I'll switch to the root user and make sure it can SSH into its own account. HDFS uses SSH for running management commands.

$ sudo su
$ ssh-keygen
$ cp /root/.ssh/id_rsa.pub \
     /root/.ssh/authorized_keys
$ ssh localhost uptime

I'll then run the format command, launch HDFS and grant my UNIX account permissions to everything on HDFS.

$ hdfs namenode -format
$ start-dfs.sh
$ hdfs dfs -chown mark /

I'll then check the capacity is as expected before exiting the root user's shell.

$ hdfs dfsadmin -report \
    | grep 'Configured Capacity' \
    | tail -n1

$ exit

MinIO Up & Running

The following will download and install MinIO's server and client.

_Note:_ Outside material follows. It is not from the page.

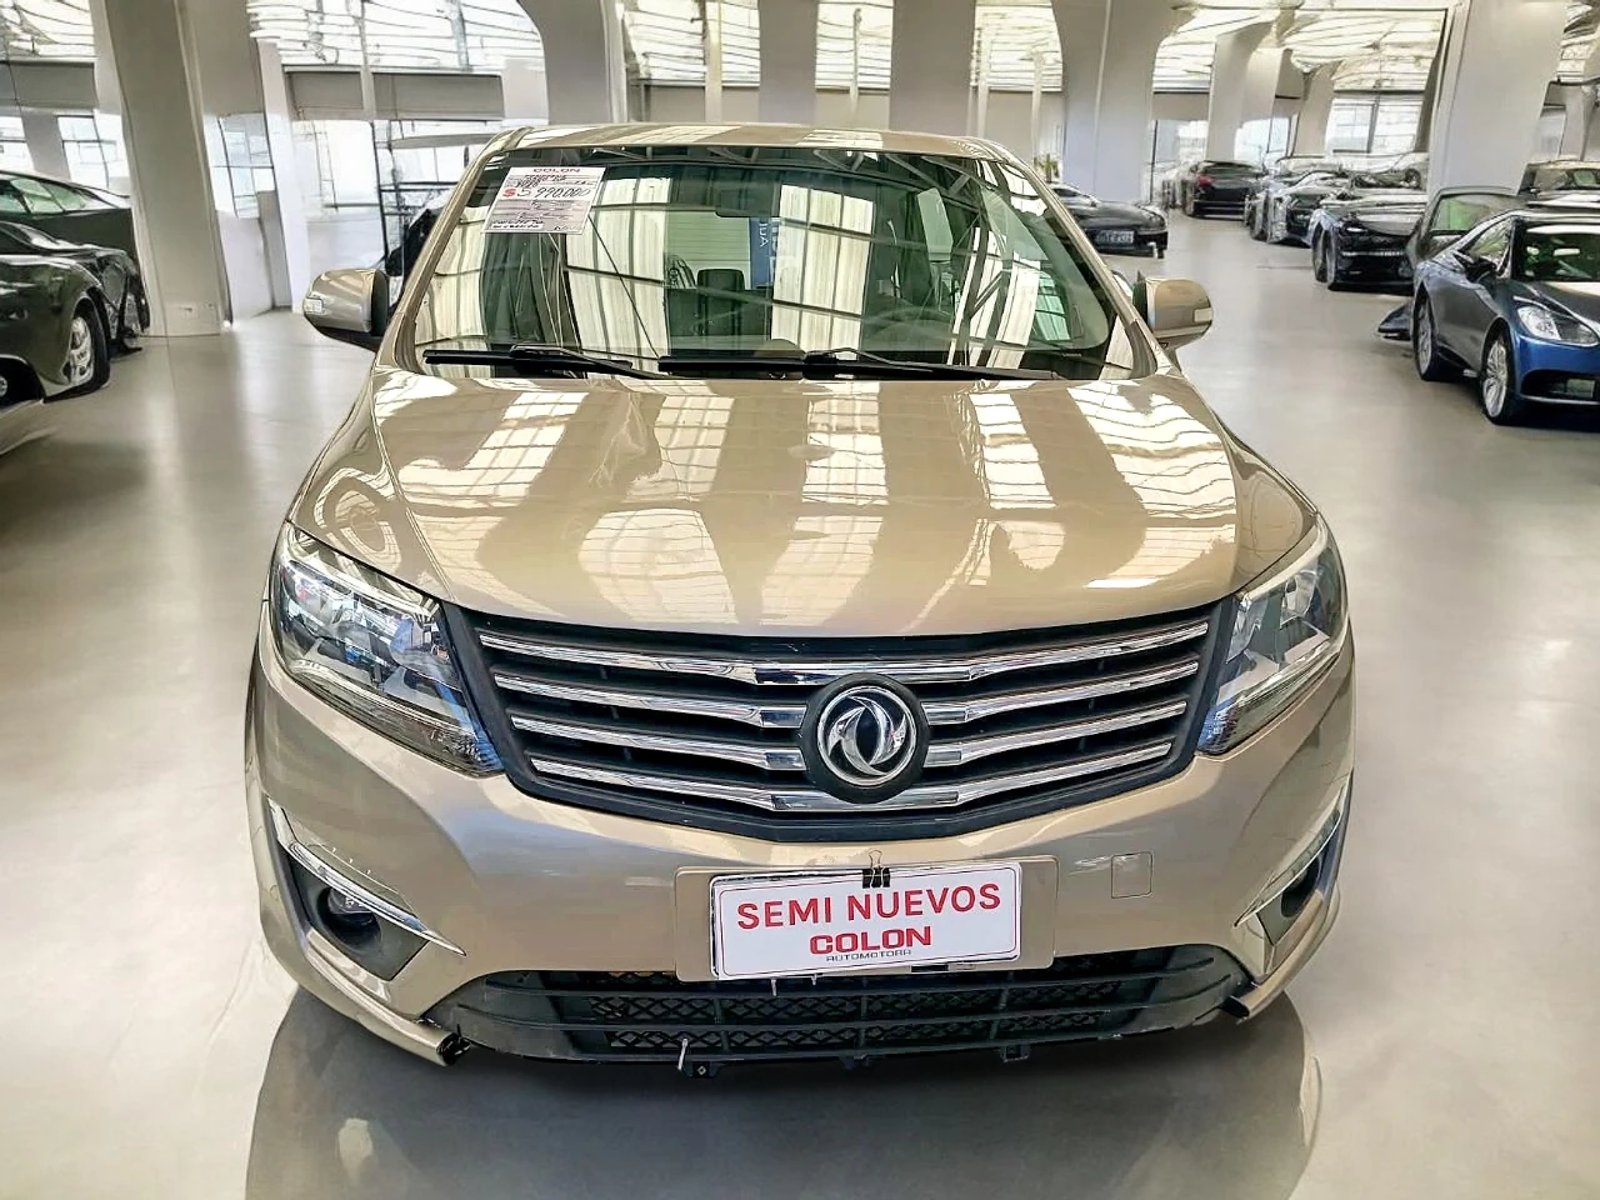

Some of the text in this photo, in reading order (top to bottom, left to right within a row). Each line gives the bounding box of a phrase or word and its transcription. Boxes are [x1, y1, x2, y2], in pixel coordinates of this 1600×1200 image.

[737, 883, 1001, 930] SEMI NUEVOS
[809, 926, 932, 955] COLON
[825, 950, 912, 962] AUTOMOTORA

$ wget -c https://dl.min.io/client/mc/release/linux-amd64/mcli_20210727064619.0.0_amd64.deb
$ wget -c https://dl.min.io/server/minio/release/linux-amd64/minio_20210805220119.0.0_amd64.deb
$ sudo dpkg -i mcli_20210727064619.0.0_amd64.deb
$ sudo dpkg -i minio_20210805220119.0.0_amd64.deb

I'll then launch a screen and start the HDFS gateway service with "admin" as the root username and "password" as its password. The default TCP ports for MinIO is 9000 and 9001. TCP port 9000 is already being used by HDFS so I'll move MinIO's to 9900 and 9901 respectively.

$ screen
$ MINIO_ROOT_USER=admin \
  MINIO_ROOT_PASSWORD=password \
  minio gateway hdfs hdfs://namenode:9000 \
  --console-address ":9901" \
  --address ":9900"

Type Ctrl-A and then Ctrl-D to detach the screen.

I'll set up the CLI auto-completion and a "myminio" alias for the instance.

$ mcli --autocompletion
$ mcli alias set myminio http://127.0.0.1:9900 admin password

After the shell is restarted typing tab after mcli<space> will allow for typing out commands by hand with fewer keystrokes.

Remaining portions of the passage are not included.